I seem to be in the habit of adding the same “diagnostic” type sensors to all of my ESPHome devices to the point where I have now put them in a separate file that I then reference using an “include”.
Does anyone else do this and if so what kind of sensors are you adding?
I’m trying to strip back and simplify my HA/ESPHOME set-up which has grown unwieldy and cluttered in the wild.
One thing I was tinkering with was having a device level toggle (substitution) for internal: that you could activate/deactivate during development and debugging for a sub-set of sensors (typically intermediate ones such as the sources of copy sensors).
substitutions:
internal_mode: "true"
##################################################
#Data Update Sensors.
#These were useful during dev. Might remove in prod.

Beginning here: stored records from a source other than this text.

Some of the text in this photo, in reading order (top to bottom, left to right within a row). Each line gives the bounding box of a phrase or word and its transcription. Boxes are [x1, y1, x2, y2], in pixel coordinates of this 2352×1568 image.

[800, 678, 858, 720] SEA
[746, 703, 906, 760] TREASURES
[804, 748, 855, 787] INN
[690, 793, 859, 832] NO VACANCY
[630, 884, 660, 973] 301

#All updated via other sensors.
##################################################
#Moisture
- platform: template
name: Moisture updated
id: solar_plant_moisture_level_recieved
internal: ${internal_mode}
Will try this template in mine, I just used the default, I thought you were going to talk about the hardware sensors. I am excited to learn more about these yaml configurations.

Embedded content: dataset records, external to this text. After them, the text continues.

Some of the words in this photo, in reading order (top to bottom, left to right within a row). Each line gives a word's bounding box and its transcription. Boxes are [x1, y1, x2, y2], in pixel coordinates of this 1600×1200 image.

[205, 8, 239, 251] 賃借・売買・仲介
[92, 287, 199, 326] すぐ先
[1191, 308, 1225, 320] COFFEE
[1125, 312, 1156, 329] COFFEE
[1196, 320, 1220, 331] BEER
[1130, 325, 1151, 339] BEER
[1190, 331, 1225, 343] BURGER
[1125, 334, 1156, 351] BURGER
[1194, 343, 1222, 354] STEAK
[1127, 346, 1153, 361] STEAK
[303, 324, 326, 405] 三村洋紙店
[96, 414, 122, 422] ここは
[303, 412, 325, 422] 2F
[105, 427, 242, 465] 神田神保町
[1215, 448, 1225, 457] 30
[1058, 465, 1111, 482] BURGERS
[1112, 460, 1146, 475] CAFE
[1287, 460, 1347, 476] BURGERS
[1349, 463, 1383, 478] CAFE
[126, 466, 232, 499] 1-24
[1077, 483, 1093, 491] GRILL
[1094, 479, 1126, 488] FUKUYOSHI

I also have common sensors but not in a separate yaml. I recently started playing around with packages and breaking up my yaml files. I have a top level device yaml then seprate wifi & specific hardware yaml. The hardware yaml has the sensors but those could also be broken out I suppose.
For info sensors like signal strength I add state_class: ’ ’ so they don’t add to long term statistics.
That bit blinking the LED gives me a local (at the device) indication that it’s alive and well.
I’ve read all the admonishments against leaving the web server active. However, my use cases are simple and I haven’t found that it impacts performance, even on old 8266’s.